Fatwa ulama tentang perkara ini terus berkembang. Kita tahu sejak abad ke-10 khalifah-khalifah Dinasti Abbasiyah hanyalah menjadi penguasa-penguasa simbolik, sementara the real holder of power adalah sultan-sultan yang umumnya berasal dari kawasan yang sebelumnya ditaklukkan oleh pasukan Islam. Sejak itu Dinasti Abbasiyah bukan lagi satu-satunya dinasti di dunia Islam sebab di kawasan lain berdiri dinasti lain yang menantang kekuasaan Dinasti Abbasiyah. Demikianlah, misalnya, pada tahun 945 M berdiri Dinasti Buwaihi di Iran/Irak, atau pada 909 M berdiri Dinasti Fatimiyah di Mesir, dan seterusnya. Dengan kata lain, semakin hari kekuasaan Islam semakin terpecah-pecah. Realitas inilah yang disaksikan oleh Ibn Taimiyah (w. 1328 M). Karena itu ia berfatwa bahwa dimungkinkan di dunia Islam terdapat negara atau kekuasaan yang plural, tidak hanya satu.

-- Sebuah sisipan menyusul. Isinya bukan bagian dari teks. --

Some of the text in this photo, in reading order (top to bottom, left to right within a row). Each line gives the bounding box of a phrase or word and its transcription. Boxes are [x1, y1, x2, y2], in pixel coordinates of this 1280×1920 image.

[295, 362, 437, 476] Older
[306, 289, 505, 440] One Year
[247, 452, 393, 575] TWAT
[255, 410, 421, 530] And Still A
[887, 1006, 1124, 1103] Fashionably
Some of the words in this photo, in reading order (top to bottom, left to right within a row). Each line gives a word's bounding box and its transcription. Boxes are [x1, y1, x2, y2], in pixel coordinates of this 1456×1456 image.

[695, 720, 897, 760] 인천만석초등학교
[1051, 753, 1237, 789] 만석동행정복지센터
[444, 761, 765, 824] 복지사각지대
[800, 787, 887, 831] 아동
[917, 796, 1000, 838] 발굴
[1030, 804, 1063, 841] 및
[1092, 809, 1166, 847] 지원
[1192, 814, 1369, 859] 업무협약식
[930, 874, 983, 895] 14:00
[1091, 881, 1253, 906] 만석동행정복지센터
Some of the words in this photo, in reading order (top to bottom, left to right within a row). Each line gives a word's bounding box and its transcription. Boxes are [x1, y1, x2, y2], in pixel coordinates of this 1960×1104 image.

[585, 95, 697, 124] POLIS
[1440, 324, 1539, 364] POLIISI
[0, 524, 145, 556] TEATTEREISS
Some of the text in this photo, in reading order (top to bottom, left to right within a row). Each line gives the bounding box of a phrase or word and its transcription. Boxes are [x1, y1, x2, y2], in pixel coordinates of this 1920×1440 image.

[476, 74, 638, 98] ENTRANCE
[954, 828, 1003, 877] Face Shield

Fatwa tentang kemungkinan adanya dua negara atau imam di dunia Islam sebetulnya juga dikatakan jauh sebelumnya oleh guru Imam al-Ghazali, yaitu Imam al-Haramain (w. 1085 M). Di dalam kitab “Giyâts al-Umam” dalam bab “Matâ yajûzu nashb al-imâmayn?” (kapan diperbolehkan mengangkat dua kepala negara?), Imam al-Haramain menegaskan bahwa dalam keadaan darurat diperbolehkan adanya dua imam, misalnya, jika antara imam yang satu dengan imam yang lain terdapat jarak yang begitu jauh sehingga tidak dimungkinkan adanya satu imam karena dengan demikian, administrasi kekuasaan menjadi kurang efektif. Harus diakui, Imam al-Haramain sebetulnya tidak nyaman dengan fakta adanya dua imam di dunia Islam. Oleh karena itu, ia berpendapat bahwa manakala keadaan darurat itu sudah bisa diatasi, maka seluruh dunia Islam harus kembali ke keadaan ideal semula, yaitu dipimpin oleh satu imam atau penguasa. Pandangan tentang bolehhnya dua kepala negara di dunia Islam juga dikatakan oleh sarjana lain yang sejawat (lebih senior) Imam al-Haramain di Perguruan Nizhamiyah di Baghdad, yaitu Imam Abu Ishaq al-Isfarayini (w. 1027 M), yang di kalangan pesantren NU ia dikenal melalui karyanya di bidang ushul fikih, “al-Luma’”.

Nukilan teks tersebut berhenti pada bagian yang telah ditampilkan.